Un grand serviteur de l’Etat inspiré par le père Joseph Wresinski
Lors de l’inauguration du Centre International Joseph Wresinski, Philippe Seguin a tenu a rendre hommage au père Joseph :
_ " Je ne peux oublier qu’il m’est revenu le douloureux honneur, il y a bientôt dix sept ans, à Notre-Dame de Paris, d’exprimer la reconnaissance de la nation au père Joseph.
Je n’oublie pas ce que j’ai dit alors de cet homme qui avait tout dérangé, tout fait bouger, qui avait montré ses pauvres, ses exclus, à une société qui ne voulait ni les voir ni les entendre.

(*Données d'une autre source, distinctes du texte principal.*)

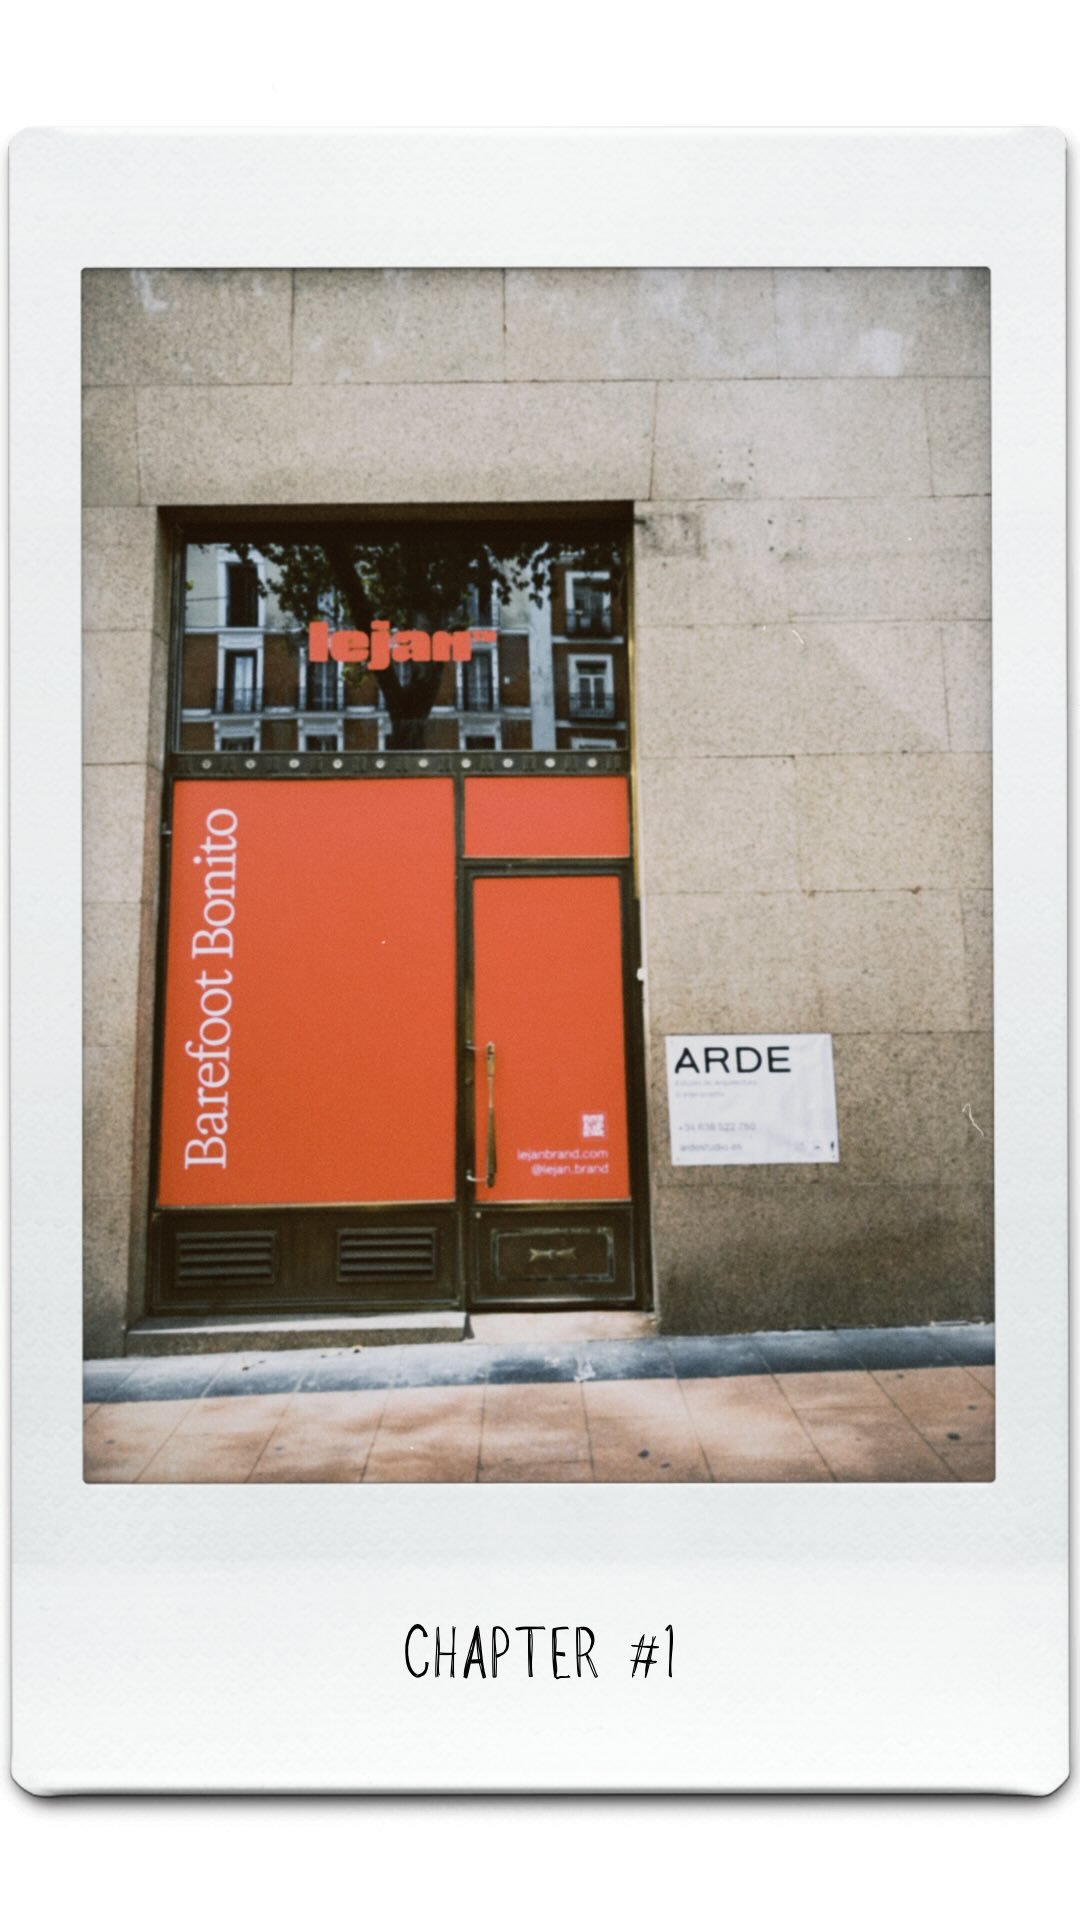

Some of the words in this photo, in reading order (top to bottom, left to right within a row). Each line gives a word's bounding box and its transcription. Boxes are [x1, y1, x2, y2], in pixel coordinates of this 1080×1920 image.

[191, 808, 238, 959] Bonito
[184, 969, 233, 1170] Barefoot
[674, 1046, 791, 1074] ARDE
[517, 1148, 609, 1162] lejanbrand.com
[531, 1162, 609, 1177] @lejan.brand

Je me souviens aussi de cette foule innombrable au Trocadéro pour affirmer à la face du monde que la misère est une violation des droits de l’homme.
Je me souviens aussi de l’impact formidable qu’avait eu son rapport au Conseil économique et social.

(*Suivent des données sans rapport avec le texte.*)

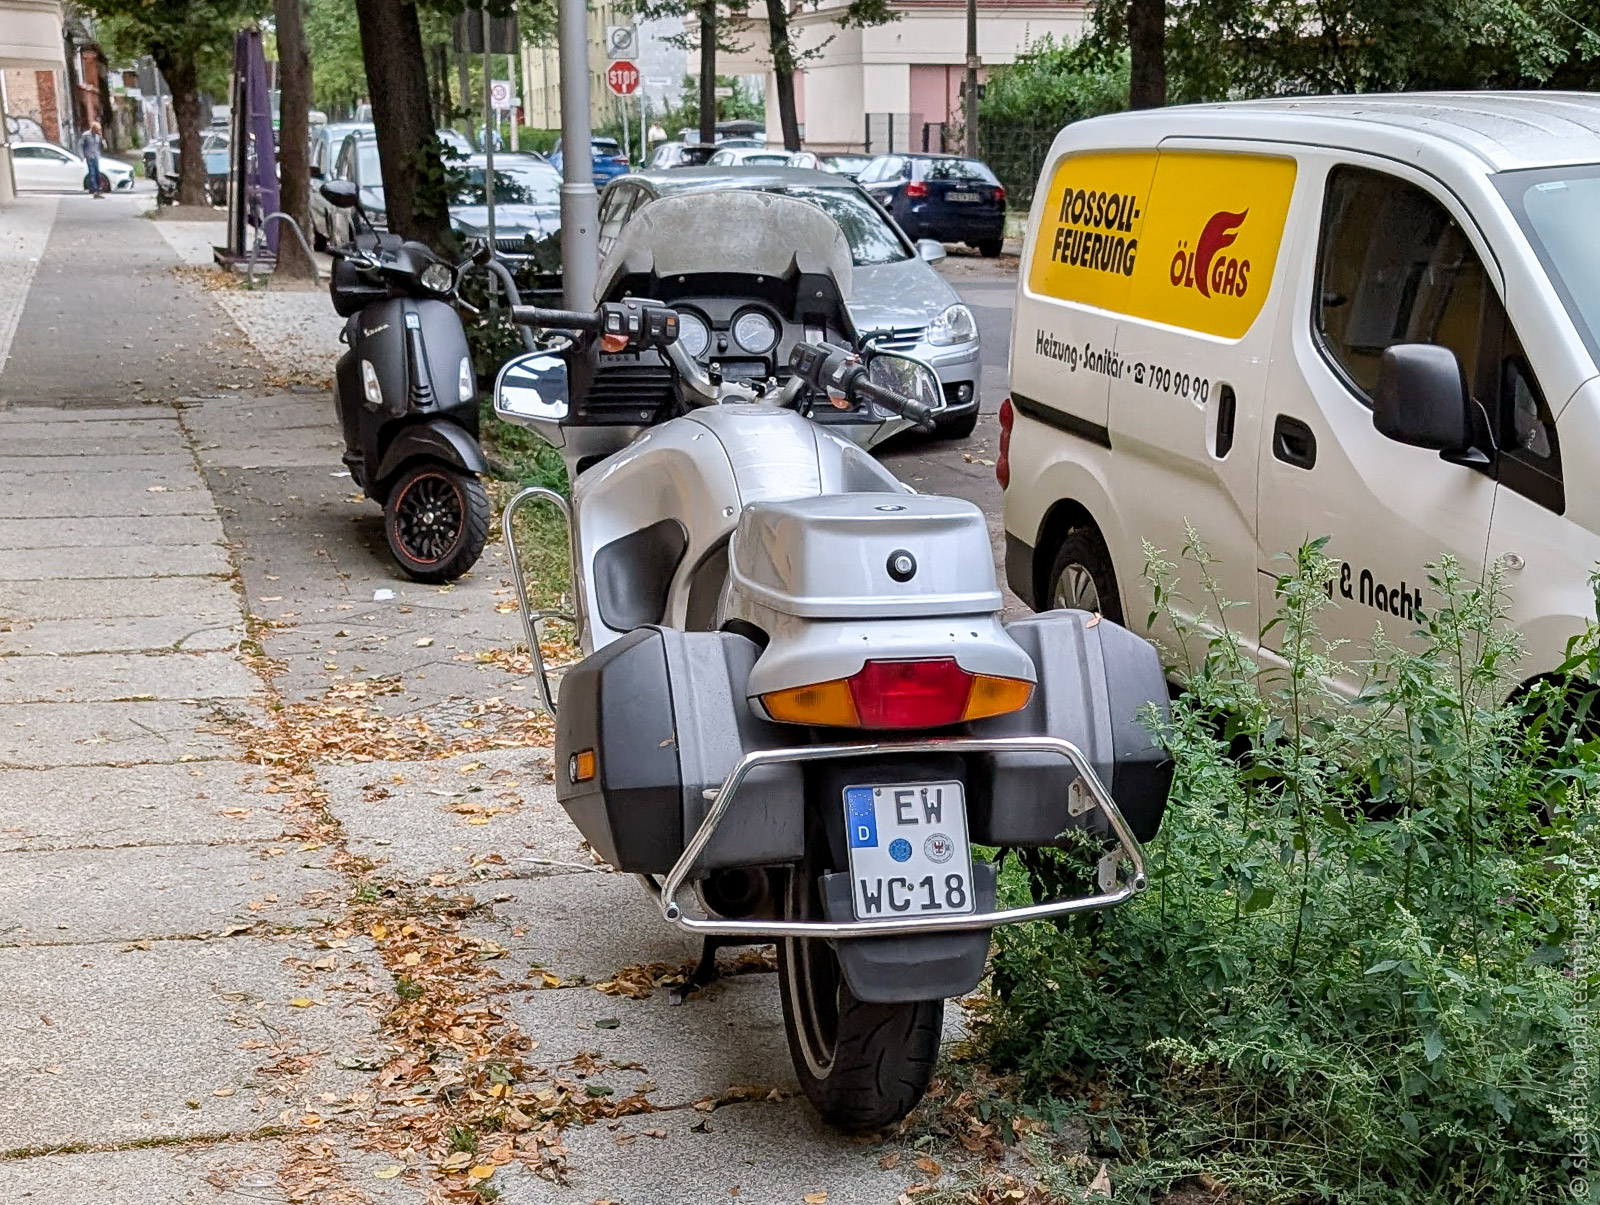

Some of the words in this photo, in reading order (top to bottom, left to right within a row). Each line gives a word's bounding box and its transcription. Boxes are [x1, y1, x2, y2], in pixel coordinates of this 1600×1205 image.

[609, 70, 638, 85] STOP
[1058, 187, 1140, 233] ROSSOLL-
[1052, 227, 1138, 277] FEUERUNG
[1169, 240, 1195, 288] ÖL
[1211, 256, 1250, 298] GAS
[1149, 365, 1171, 393] 790
[1174, 373, 1190, 398] 90
[1192, 378, 1210, 403] 90
[1339, 562, 1354, 600] &
[1359, 568, 1422, 625] Nacht
[894, 788, 942, 825] EW
[858, 825, 870, 841] D
[860, 877, 911, 914] WC
[919, 873, 966, 910] 18

Le père Joseph ne s’en est pas tenu, et c’est là toute son originalité, à l’expression d’une compassion. Il a analysé l’engrenage de l’exclusion, du droit. Il a expliqué que le rétablissement de la dignité de chacun passait par la reconstruction progressive et prioritaire de l’autonomie. Bref, il a montré le chemin ! "

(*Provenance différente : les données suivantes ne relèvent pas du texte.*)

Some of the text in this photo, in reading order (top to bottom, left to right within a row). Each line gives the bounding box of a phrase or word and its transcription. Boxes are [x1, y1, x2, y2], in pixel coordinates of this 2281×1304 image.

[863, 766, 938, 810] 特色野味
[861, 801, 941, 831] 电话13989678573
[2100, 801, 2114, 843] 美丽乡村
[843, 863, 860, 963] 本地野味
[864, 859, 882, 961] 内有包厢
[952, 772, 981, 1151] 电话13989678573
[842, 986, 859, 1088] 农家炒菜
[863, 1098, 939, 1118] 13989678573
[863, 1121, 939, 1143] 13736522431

Avec la pudeur qui le caractérisait, Philippe Seguin disait ainsi combien il avait lui même été personnellement interpellé et bousculé par le message du Père Joseph, porteur de la voix des plus pauvres. Tout au long de son combat politique Philippe Seguin a su rester fidèle à cette rencontre et à ce qu’il en avait compris.
Dans les années 90, Geneviève de Gaulle, Présidente du Mouvement ATD Quart Monde en France a eu l’occasion de travailler avec lui à plusieurs reprises au cours de l’élaboration de la loi contre les exclusions. En 1997, comme Président de l’Assemblée Nationale, il lui a proposé de s’exprimer devant les députés en séance plénière au nom du Conseil Economique et Social.
Depuis le retour de Philippe Seguin à la Cour des comptes, le Mouvement a veillé à maintenir avec lui des liens suivis.
Sa vie, sa pensée, son engagement sans faille resteront des références pour tous ceux qui veulent servir l’État en exigeant que l’accès de tous aux droits de tous passe par le respect de la dignité des plus pauvres et l’engagement durable du pays pour vaincre la grande pauvreté en menant une politique globale basée sur l’indivisibilité et l’interdépendance des droits de l’homme.